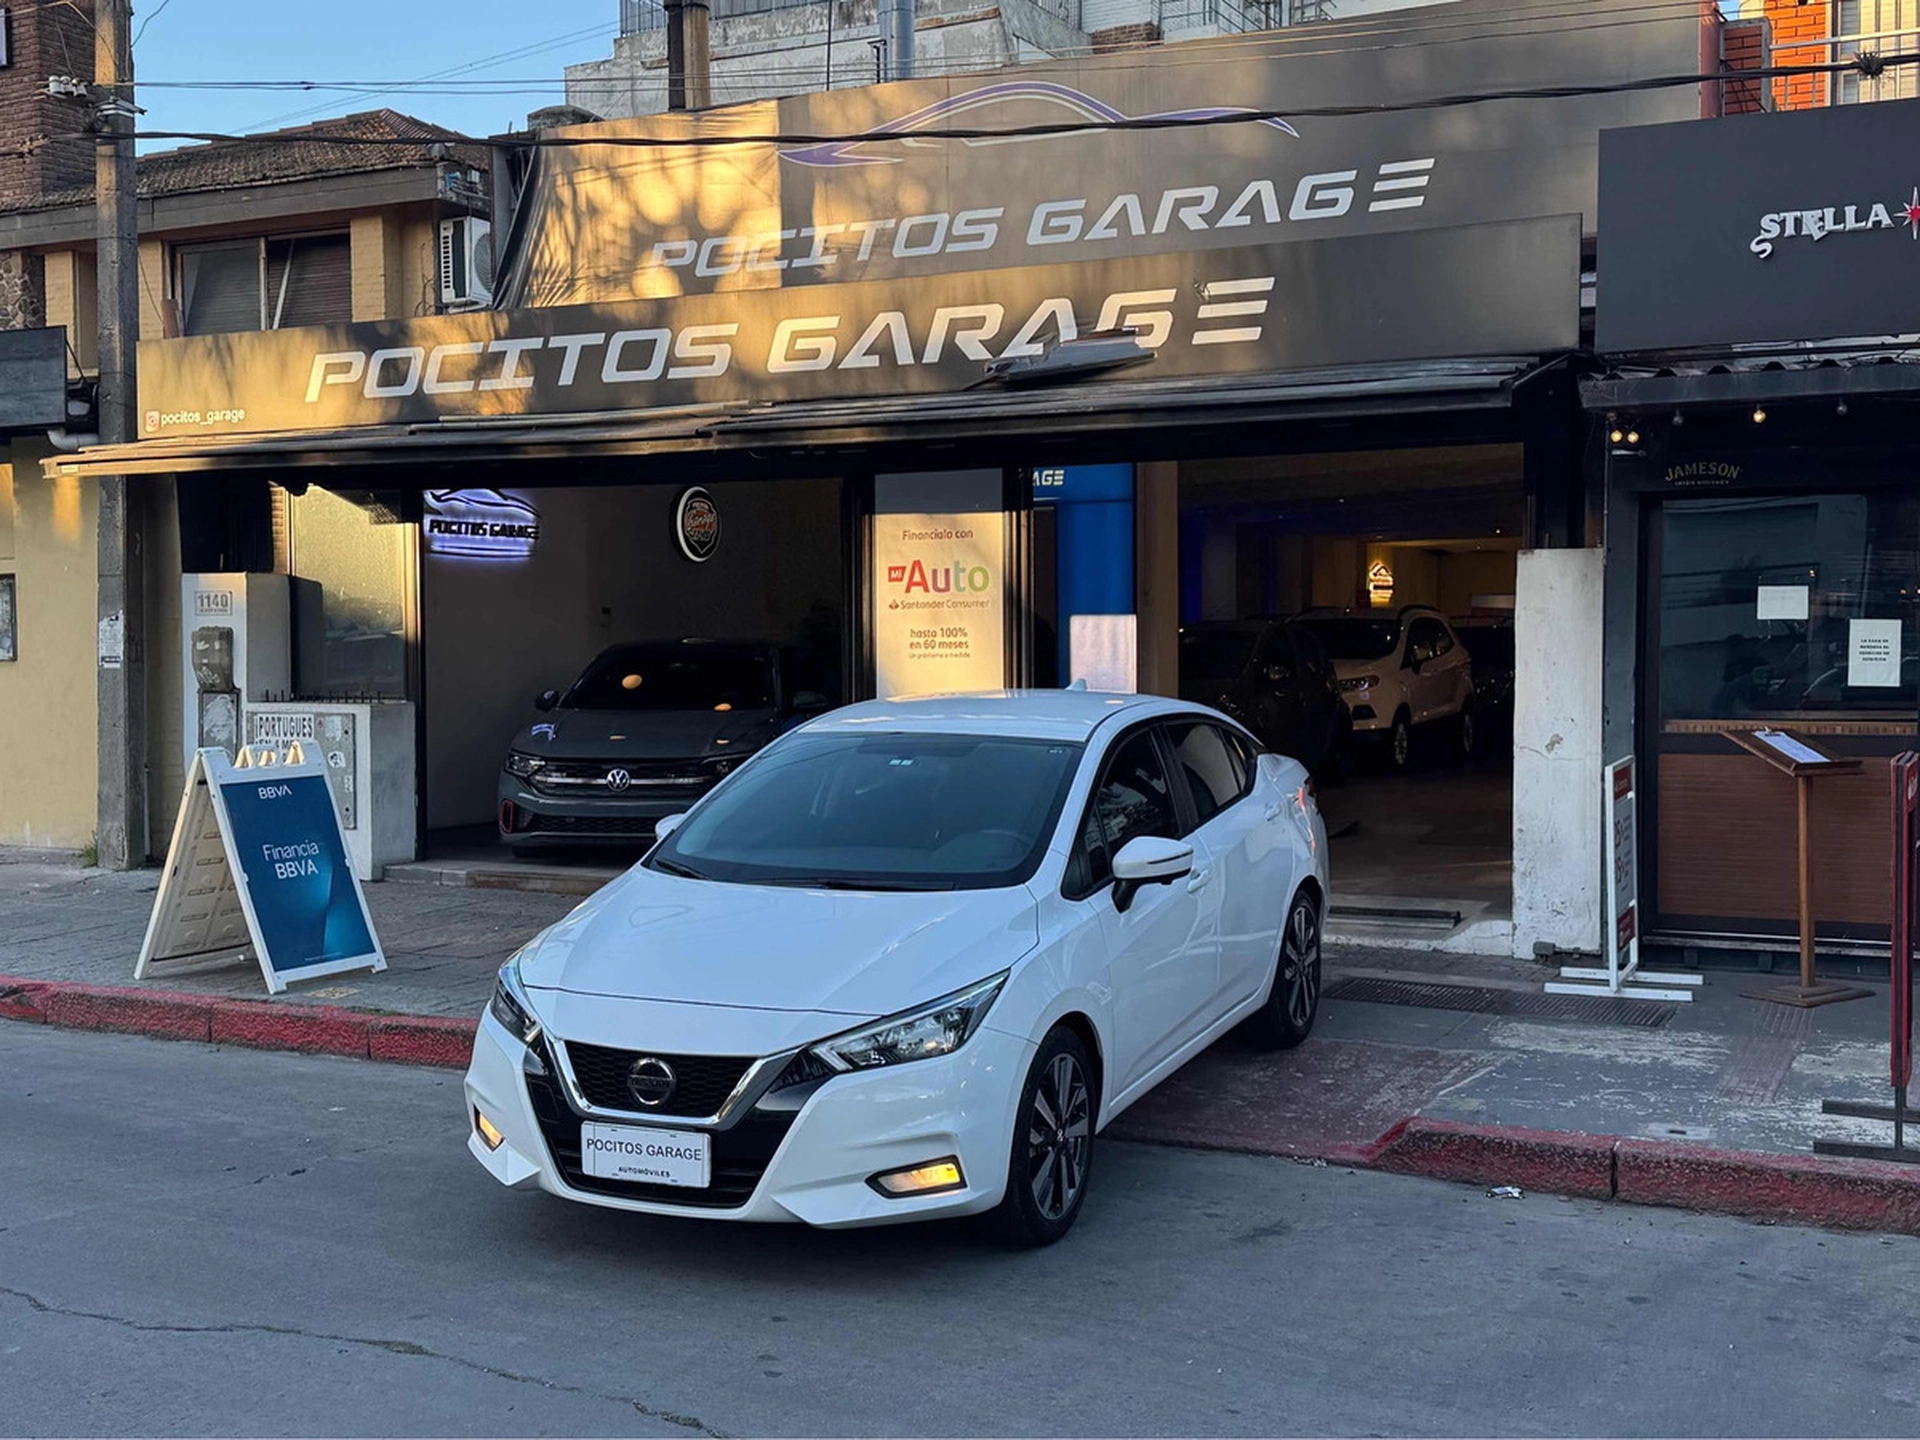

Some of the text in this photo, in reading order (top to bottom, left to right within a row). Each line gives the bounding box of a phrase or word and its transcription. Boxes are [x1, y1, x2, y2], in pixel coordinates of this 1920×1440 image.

[650, 157, 1435, 278] POCITOS GARAGE
[1750, 203, 1895, 259] STELLA
[305, 277, 1275, 402] POCITOS GARAGE
[161, 409, 245, 427] pocitos_garage
[1665, 461, 1740, 481] JAMESON
[955, 529, 974, 539] con
[904, 559, 990, 594] Auto
[198, 594, 228, 608] 1140
[900, 599, 990, 610] Santander Consumer
[910, 627, 968, 639] hasta 100%
[909, 639, 969, 650] en 60 meses
[257, 784, 292, 799] BBVA
[262, 839, 319, 861] Financia
[275, 859, 319, 880] BBVA
[586, 1138, 702, 1161] POCITOS GARAGE

= = =

=== Task prompt ===
Nothing but the records above, retyped exactly and stripped of images, should appear in the answer.

=== Output for this exercise ===
Some of the text in this photo, in reading order (top to bottom, left to right within a row). Each line gives the bounding box of a phrase or word and its transcription. Boxes are [x1, y1, x2, y2], in pixel coordinates of this 1920×1440 image.

[650, 157, 1435, 278] POCITOS GARAGE
[1750, 203, 1895, 259] STELLA
[305, 277, 1275, 402] POCITOS GARAGE
[161, 409, 245, 427] pocitos_garage
[1665, 461, 1740, 481] JAMESON
[955, 529, 974, 539] con
[904, 559, 990, 594] Auto
[198, 594, 228, 608] 1140
[900, 599, 990, 610] Santander Consumer
[910, 627, 968, 639] hasta 100%
[909, 639, 969, 650] en 60 meses
[257, 784, 292, 799] BBVA
[262, 839, 319, 861] Financia
[275, 859, 319, 880] BBVA
[586, 1138, 702, 1161] POCITOS GARAGE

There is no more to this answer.